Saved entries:
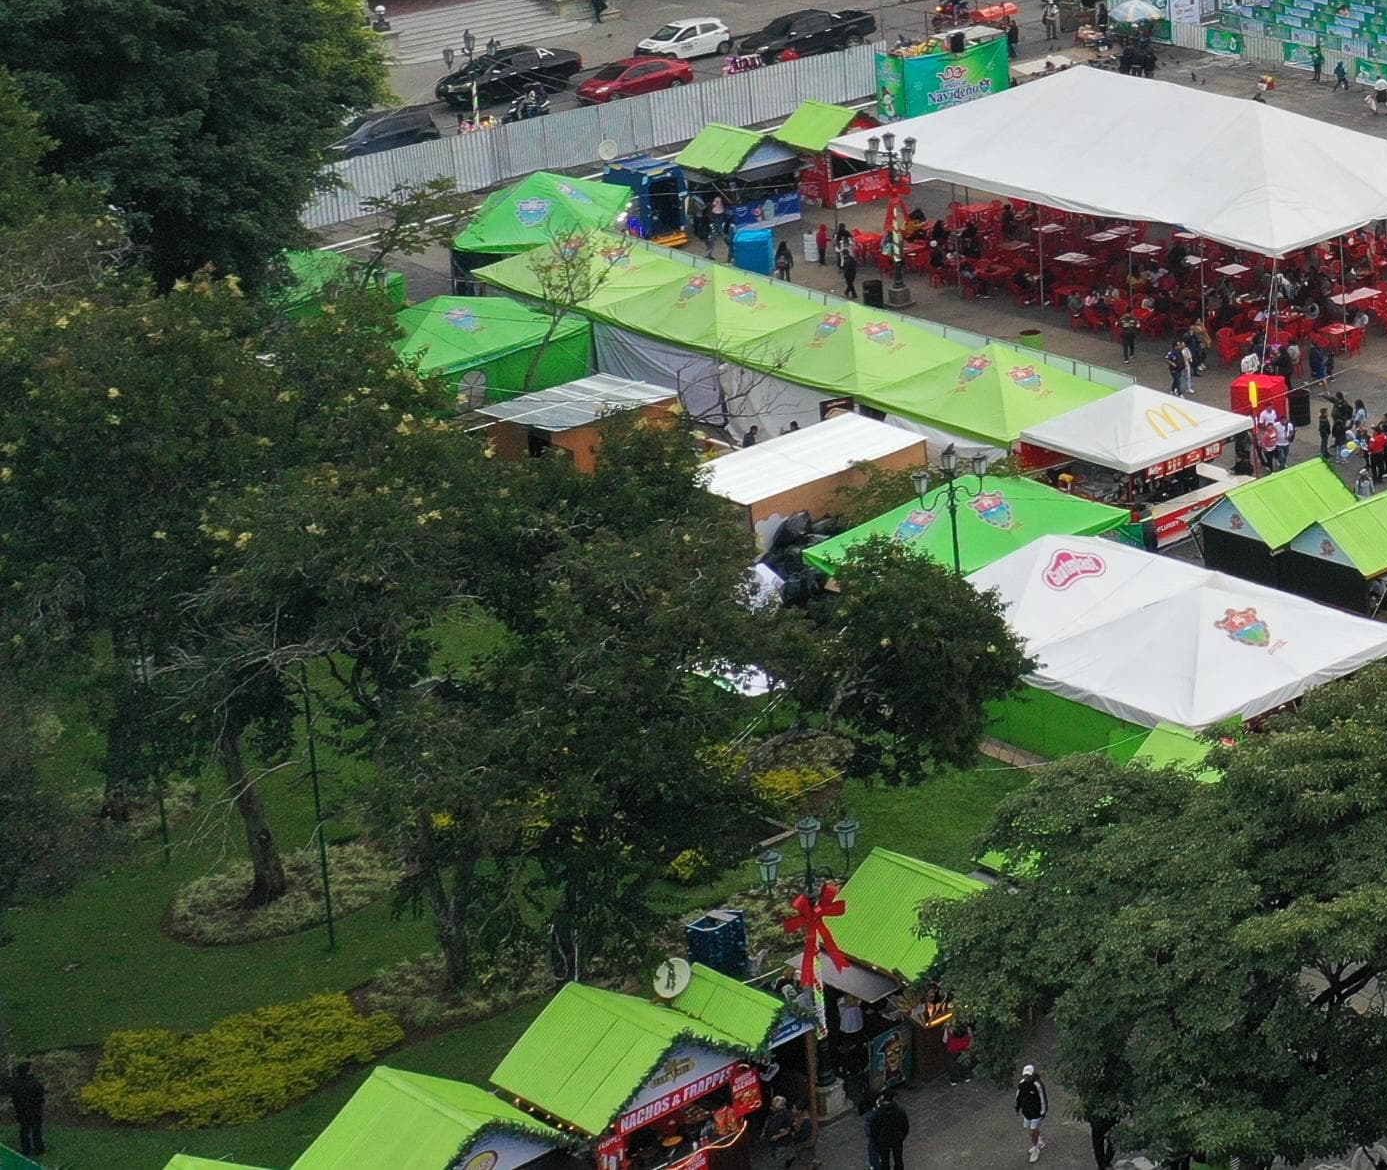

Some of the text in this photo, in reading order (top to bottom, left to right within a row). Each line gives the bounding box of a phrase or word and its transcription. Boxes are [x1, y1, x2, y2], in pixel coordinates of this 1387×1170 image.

[927, 85, 980, 105] Navideño
[620, 1099, 670, 1132] NACHOS
[671, 1097, 682, 1108] &
[683, 1065, 734, 1101] FRAPPES
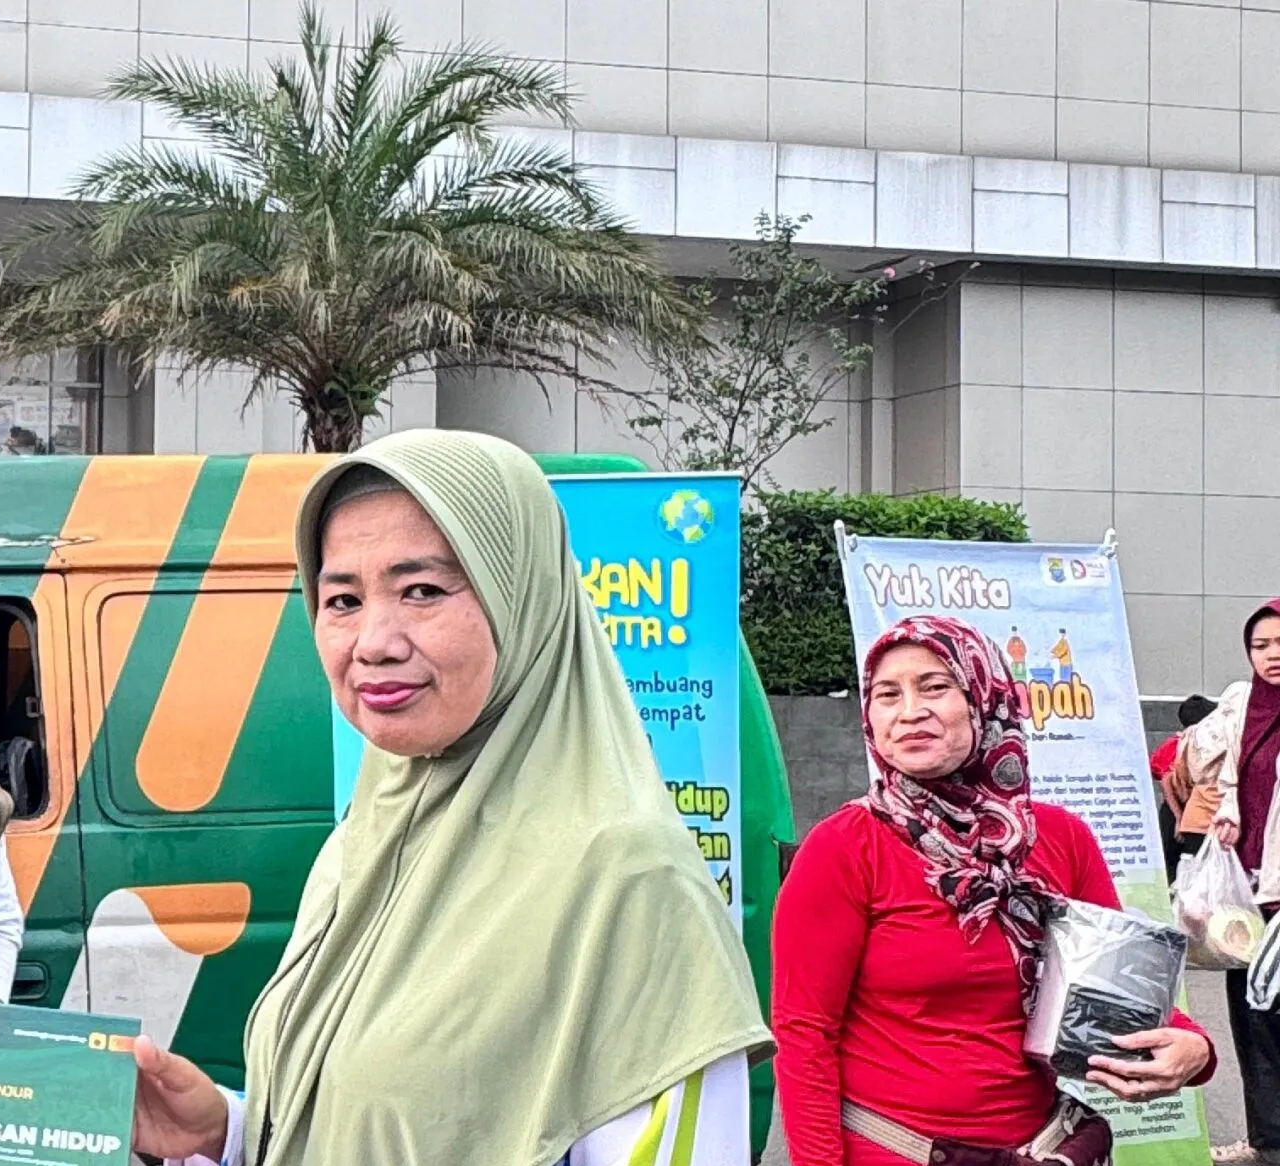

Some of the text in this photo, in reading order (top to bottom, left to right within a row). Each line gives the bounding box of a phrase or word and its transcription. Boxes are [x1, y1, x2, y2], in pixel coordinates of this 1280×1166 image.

[864, 563, 1012, 609] Yuk Kita
[42, 1127, 121, 1154] HIDUP

Task to complete:
Transcribe all records verbatim and omit each image.

Output:
Some of the text in this photo, in reading order (top to bottom, left to right within a row). Each line gives the bounding box of a phrase or word and its transcription. Boxes are [x1, y1, x2, y2], in pixel coordinates of this 1387×1170 image.

[927, 85, 980, 105] Navideño
[620, 1099, 670, 1132] NACHOS
[671, 1097, 682, 1108] &
[683, 1065, 734, 1101] FRAPPES

Some of the text in this photo, in reading order (top to bottom, left to right within a row). Each line gives the bounding box of a phrase or word and its transcription. Boxes are [x1, y1, x2, y2], in pixel coordinates of this 1280×1166 image.

[864, 563, 1012, 609] Yuk Kita
[42, 1127, 121, 1154] HIDUP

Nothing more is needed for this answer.